Dr. Kincaid's comments about why she did not investigate further illustrate the risk a plaintiff may take by relying upon a treating physician to establish causation, especially in a toxic tort case involving complex etiologies.

Overall, regardless of the validity of Dr. Kincaid's methods from a clinical and diagnostic perspective, Plaintiff has failed to show that Dr. Kincaid's causation opinions satisfy Daubert's reliability prong. As such, they remain inadmissible under Rule 702.

B. Motion to Exclude James O'Donnell [84]

Defendant also seeks to exclude Dr. O'Donnell's causation opinions. [84]. James O'Donnell is a pharmacist and Associate Professor of Pharmacology at Rush University Medical Center. [84-1]. He holds a Doctor of Pharmacy degree and a Master of Science in Clinical Nutrition. Id. Plaintiff disclosed Dr. O'Donnell as a retained expert and submitted an expert report from him that summarizes nine opinions:

1. I concur with Dr. Kincaid's attribution of Dr. Mahler's toxic neuropathy as being caused by the exposure to the contamination vitamins. Arsenic is well known to cause neuropathies.
2. Toxicology literature provides biologic plausibility support for the diagnosis (general causation). The mechanism of action (MOA) is inhibition of enzyme function leading to segmented demyelination and peripheral neuropathy. Arsenic interferes with enzyme function from sulfhydryl group by binding trivalent Arsenic (As3+ or by binding with phosphate. Inorganic As or metabolites may induce oxidative stress, alter gene expression, and interfere with cell signal transduction. Cellular mitochondria accumulate arsenic, and respiration mediated y [sic] NAD-linked substrates is particularly sensitive to arsenic (Cassaret & Doull's). Similar mechanisms of action are described for lead.
3. The vitamin product purchased and consumed by Dr.

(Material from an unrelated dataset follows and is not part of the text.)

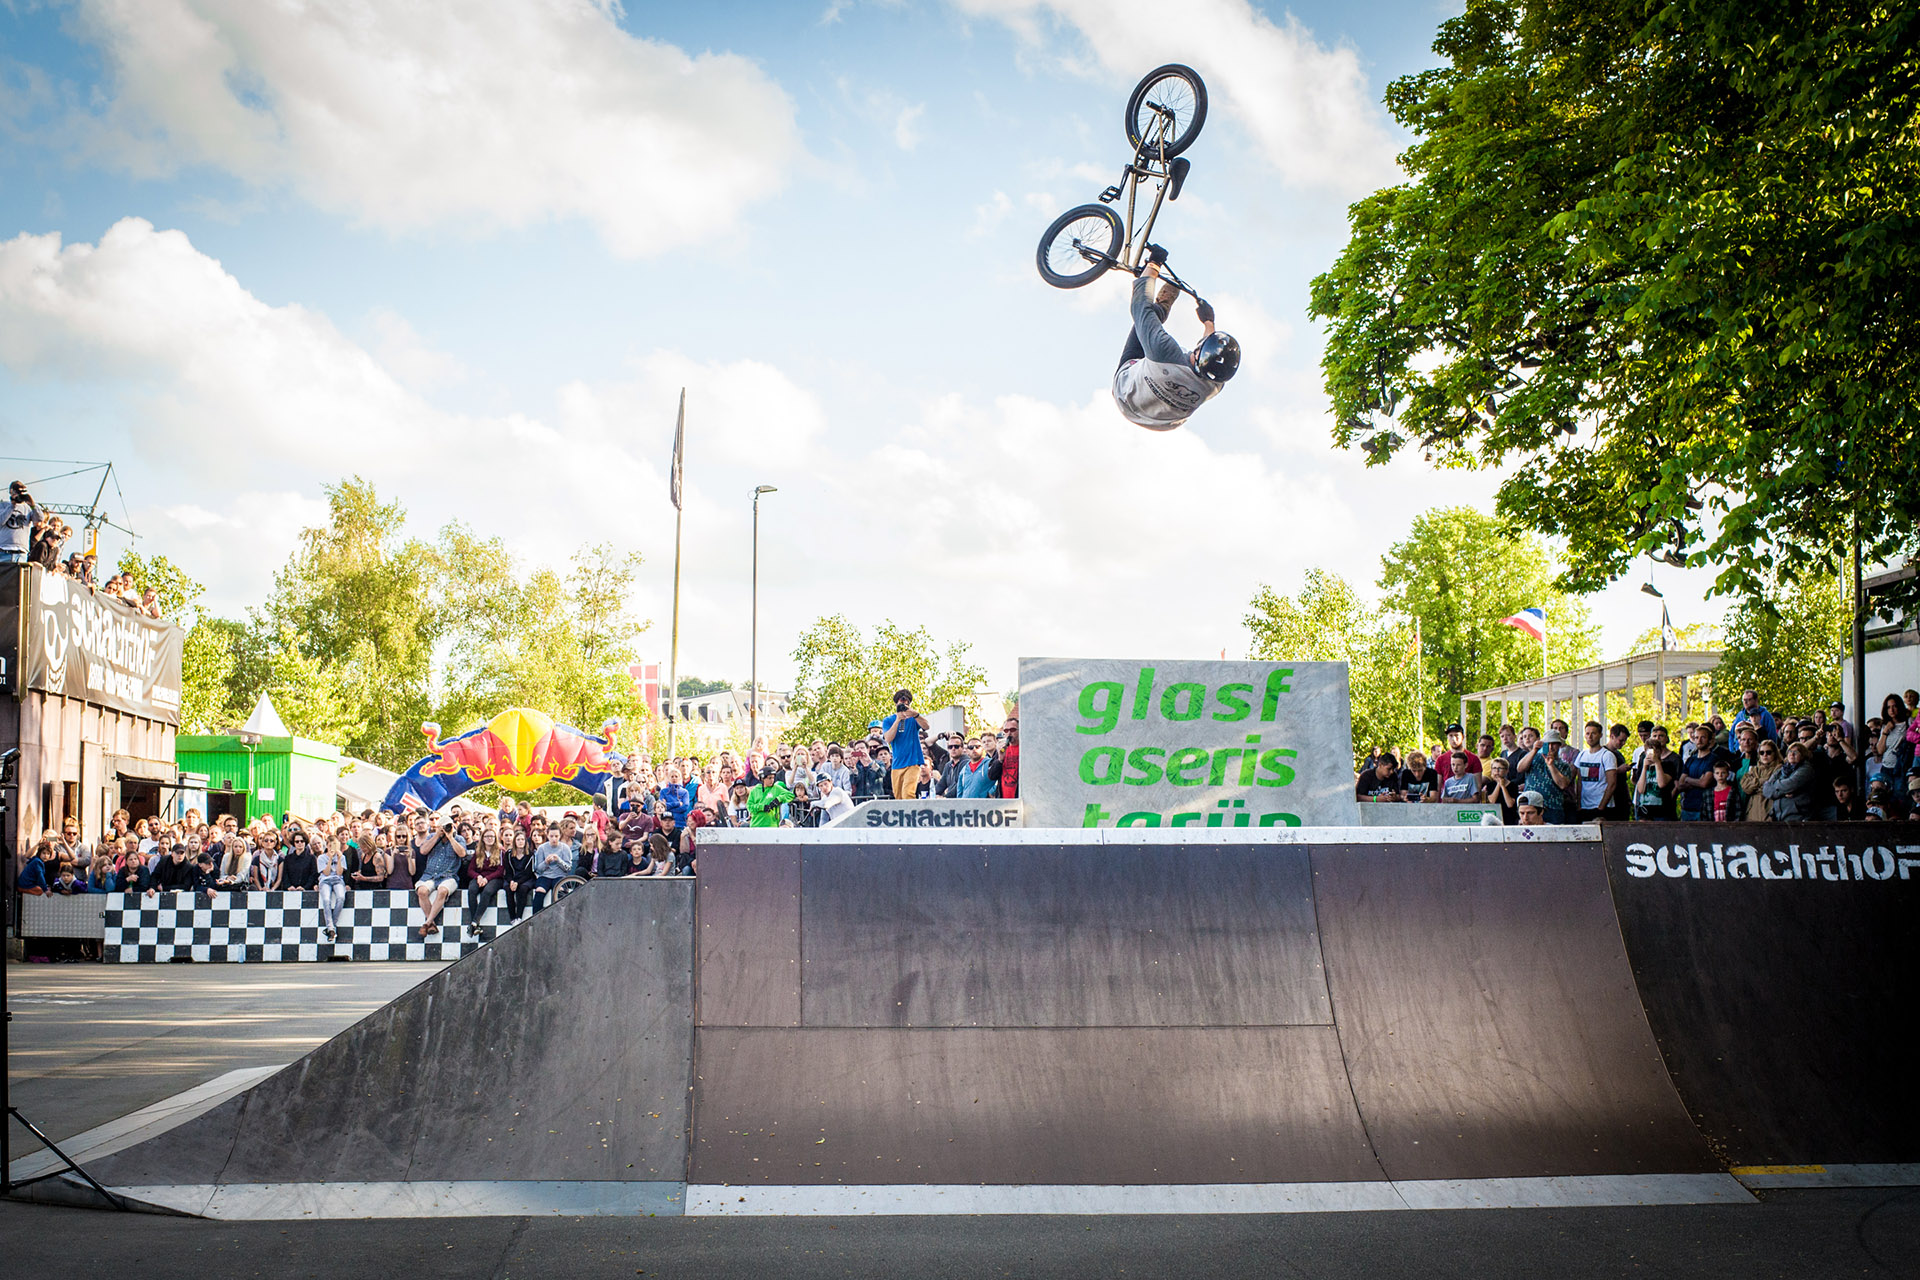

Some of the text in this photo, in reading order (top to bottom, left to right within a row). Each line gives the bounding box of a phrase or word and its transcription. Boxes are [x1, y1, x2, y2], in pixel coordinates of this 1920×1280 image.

[1075, 667, 1294, 735] glasf
[1078, 734, 1298, 787] aseris
[1460, 812, 1480, 821] SKG

Mahler tested positive for arsenic. Hair and nails tested below the levels of detection. This does not rule out As and Cd in Dr. Mahler's biologic samples.
4. There was notice of widespread heavy metals contamination of dietary supplements, particularly by raw materials sourced in China and India.
5. Vitamin Shoppe/Nutriforce knew or should have known widespread contamination from raw material sources, especially China and India. Indeed, Mr. Morrison testified that he was aware of the widespread contamination.
6. Vitamin Shoppe/Nutriforce should have tested raw materials received and final testing of manufactured product for presence of toxic heavy metals, including As and Cd. A reasonable prudent dietary supplement manufacturer would have tested, given the known contamination. Reliance on raw materials suppliers from notoriously contaminated sources should have prompted this testing.
7. DSHEA / FDA requirements are minimal standards. Manufacturers are not limited to (minimal) requirements. There are prohibitions on adulterated or contaminated products. The knowledge of known contamination/risks would require testing.
8. Vitamin Shoppe/Nutriforce only tested for lead (known adulterants). Vitamin Shoppe/Nutriforce did not test for As (arsenic) and Cd (cadmium). Vitamin Shoppe/Nutriforce was uncertain on the content and extent of testing; instead relied on raw material suppliers on testing and isolation of heavy metals in the raw materials.
9. Vitamin Shoppe/Nutriforce should have warned consumers of the risk of heavy metal contamination in their vitamins, and the risks associated with such contamination.
[84-1] at 3-4.

Defendant argues that Dr. O'Donnell lacks the qualifications to offer some of these opinions. It also argues that his opinions regarding raw ingredients remain irrelevant. Finally, he argues that Dr. O'Donnell failed to employ a reliable (or any) methodology to reach his general causation opinions about the Vitamin Supplement. Specifically, Defendant complains that, just like Dr. Kincaid, Dr. O'Donnell failed to consider the amount of arsenic or lead that someone would need to ingest to cause neuropathy. Defendant also argues that Dr. O'Donnell makes factual assumptions that the record does not support.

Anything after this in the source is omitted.